▶ **Try it**:
Write out the entries exactly, leaving out every picture.

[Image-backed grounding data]
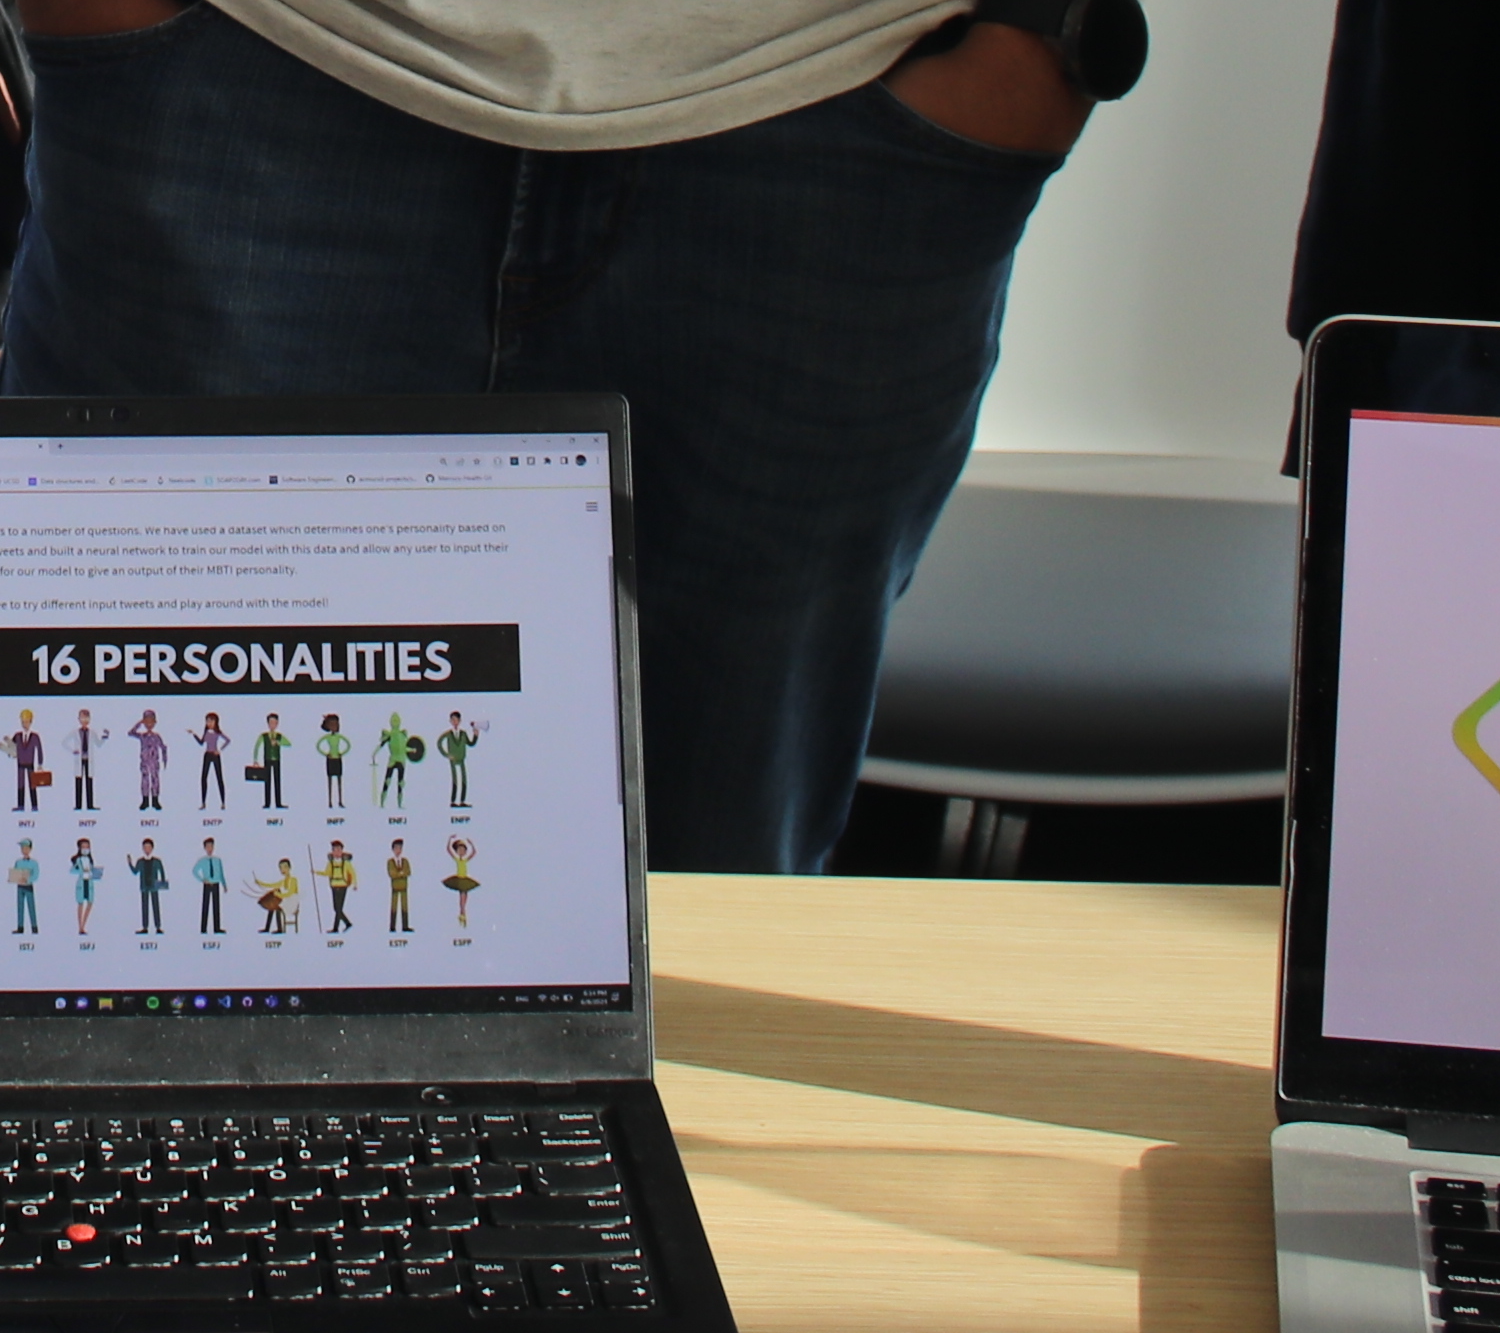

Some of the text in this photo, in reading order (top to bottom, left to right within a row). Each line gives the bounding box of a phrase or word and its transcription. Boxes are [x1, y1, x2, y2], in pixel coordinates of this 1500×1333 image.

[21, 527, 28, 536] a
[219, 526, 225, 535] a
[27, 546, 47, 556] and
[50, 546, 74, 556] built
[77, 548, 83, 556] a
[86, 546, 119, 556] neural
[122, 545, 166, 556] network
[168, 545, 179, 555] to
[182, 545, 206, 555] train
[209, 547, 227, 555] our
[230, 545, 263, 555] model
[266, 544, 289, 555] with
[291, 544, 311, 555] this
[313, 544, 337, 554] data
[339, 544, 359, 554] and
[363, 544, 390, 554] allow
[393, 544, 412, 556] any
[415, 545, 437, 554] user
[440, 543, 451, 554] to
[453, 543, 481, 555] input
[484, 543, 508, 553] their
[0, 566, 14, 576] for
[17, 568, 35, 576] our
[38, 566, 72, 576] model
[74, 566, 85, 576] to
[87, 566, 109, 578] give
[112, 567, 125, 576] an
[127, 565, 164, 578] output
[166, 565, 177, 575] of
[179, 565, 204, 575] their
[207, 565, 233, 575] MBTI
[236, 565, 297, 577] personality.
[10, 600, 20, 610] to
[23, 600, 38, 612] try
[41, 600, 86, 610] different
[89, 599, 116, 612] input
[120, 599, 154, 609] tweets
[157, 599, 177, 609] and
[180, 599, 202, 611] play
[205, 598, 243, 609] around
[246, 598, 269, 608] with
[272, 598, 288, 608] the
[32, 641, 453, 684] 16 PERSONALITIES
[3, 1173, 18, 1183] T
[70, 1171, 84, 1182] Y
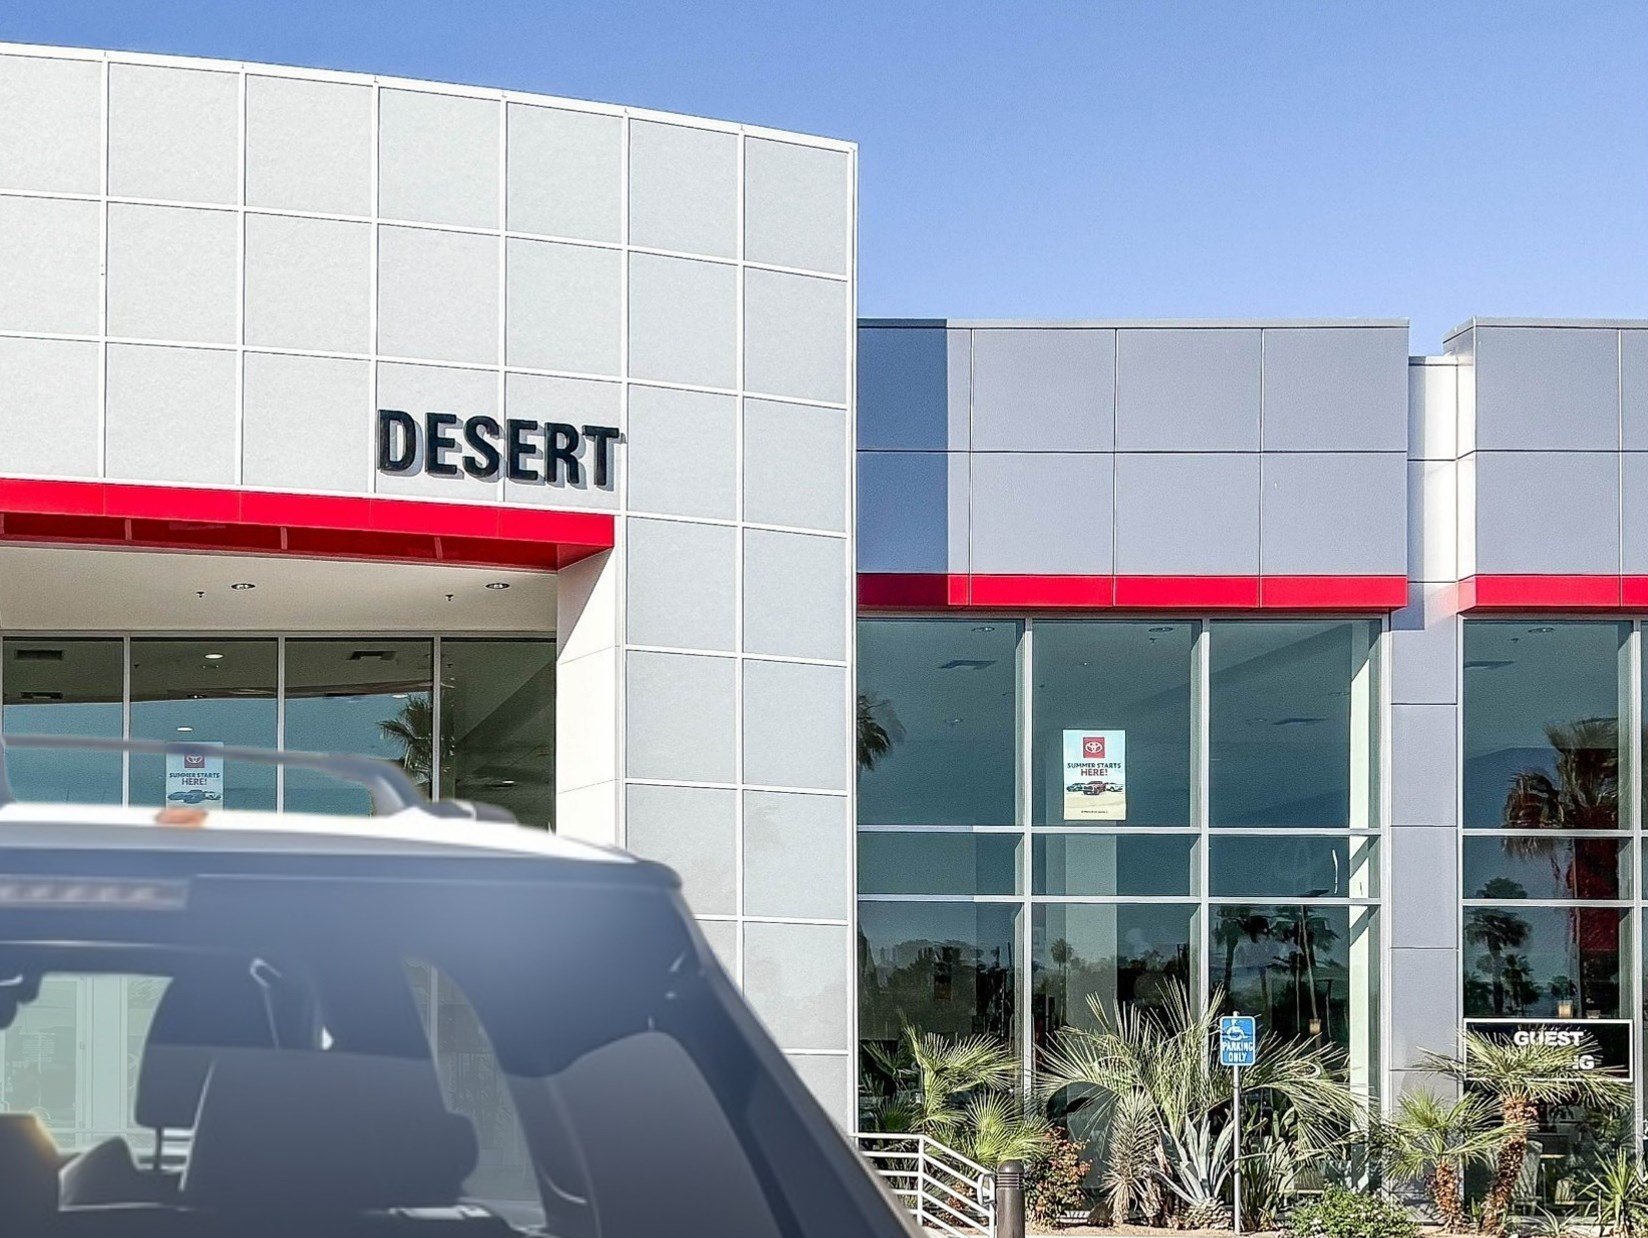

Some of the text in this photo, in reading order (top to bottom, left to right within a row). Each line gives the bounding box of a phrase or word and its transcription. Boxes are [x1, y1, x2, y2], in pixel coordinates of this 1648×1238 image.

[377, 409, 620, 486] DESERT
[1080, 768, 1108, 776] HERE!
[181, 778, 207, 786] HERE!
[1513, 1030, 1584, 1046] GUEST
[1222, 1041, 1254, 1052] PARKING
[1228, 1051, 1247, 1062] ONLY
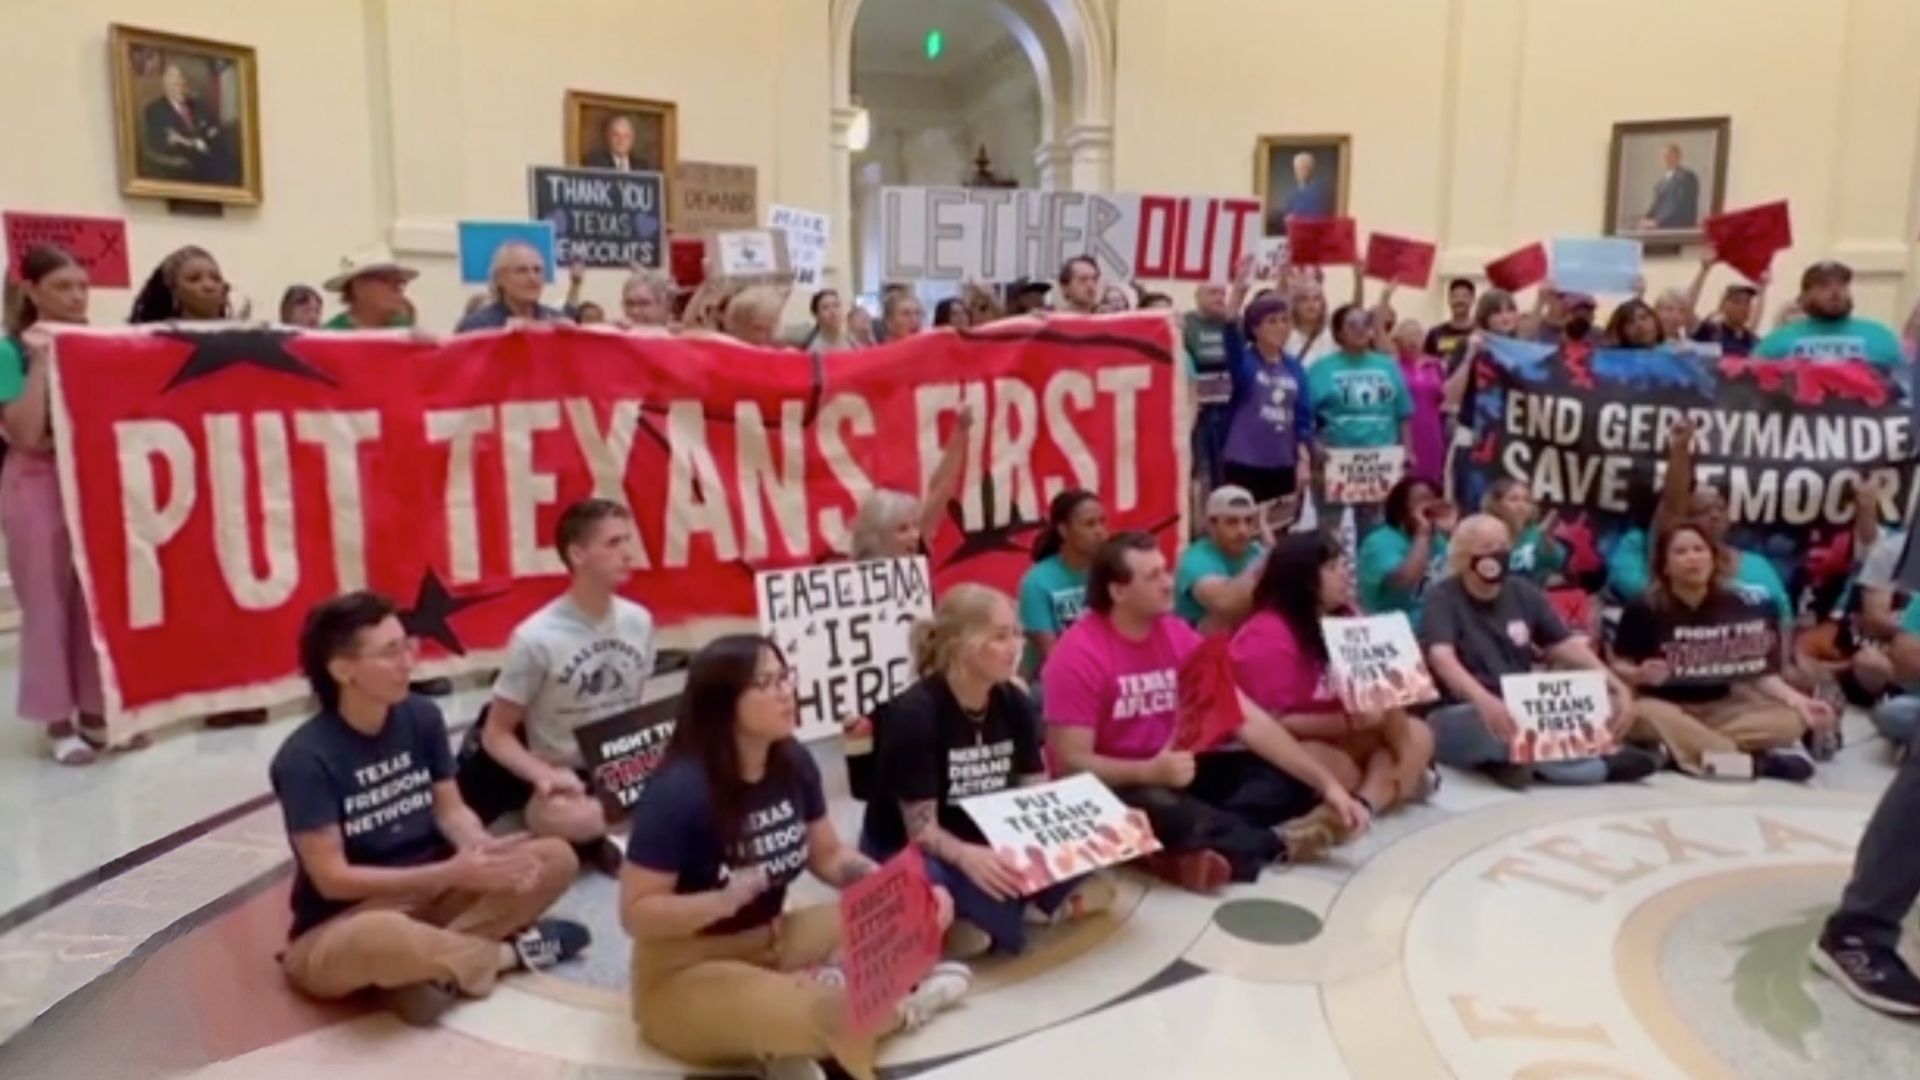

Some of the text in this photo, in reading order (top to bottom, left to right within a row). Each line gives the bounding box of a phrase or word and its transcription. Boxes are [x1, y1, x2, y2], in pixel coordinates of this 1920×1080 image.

▶ **Written response**:
Some of the text in this photo, in reading order (top to bottom, left to right within a row). Each line gives the bounding box of a phrase or word and its transcription. Boxes are [x1, y1, x2, y2], in pixel coordinates of this 1500×1333 image.

[21, 527, 28, 536] a
[219, 526, 225, 535] a
[27, 546, 47, 556] and
[50, 546, 74, 556] built
[77, 548, 83, 556] a
[86, 546, 119, 556] neural
[122, 545, 166, 556] network
[168, 545, 179, 555] to
[182, 545, 206, 555] train
[209, 547, 227, 555] our
[230, 545, 263, 555] model
[266, 544, 289, 555] with
[291, 544, 311, 555] this
[313, 544, 337, 554] data
[339, 544, 359, 554] and
[363, 544, 390, 554] allow
[393, 544, 412, 556] any
[415, 545, 437, 554] user
[440, 543, 451, 554] to
[453, 543, 481, 555] input
[484, 543, 508, 553] their
[0, 566, 14, 576] for
[17, 568, 35, 576] our
[38, 566, 72, 576] model
[74, 566, 85, 576] to
[87, 566, 109, 578] give
[112, 567, 125, 576] an
[127, 565, 164, 578] output
[166, 565, 177, 575] of
[179, 565, 204, 575] their
[207, 565, 233, 575] MBTI
[236, 565, 297, 577] personality.
[10, 600, 20, 610] to
[23, 600, 38, 612] try
[41, 600, 86, 610] different
[89, 599, 116, 612] input
[120, 599, 154, 609] tweets
[157, 599, 177, 609] and
[180, 599, 202, 611] play
[205, 598, 243, 609] around
[246, 598, 269, 608] with
[272, 598, 288, 608] the
[32, 641, 453, 684] 16 PERSONALITIES
[3, 1173, 18, 1183] T
[70, 1171, 84, 1182] Y

Some of the text in this photo, in reading order (top to bottom, left to right within a row). Each line gives the bounding box of a phrase or word and its transcription. Boxes are [x1, y1, x2, y2], in pixel coordinates of this 1648×1238 image.

[377, 409, 620, 486] DESERT
[1080, 768, 1108, 776] HERE!
[181, 778, 207, 786] HERE!
[1513, 1030, 1584, 1046] GUEST
[1222, 1041, 1254, 1052] PARKING
[1228, 1051, 1247, 1062] ONLY

Some of the text in this photo, in reading order (top to bottom, left to right within a row). Each line gives the bounding box of a phrase or word and its transcription. Boxes are [x1, y1, x2, y2], in pixel coordinates of this 1920×1080 image.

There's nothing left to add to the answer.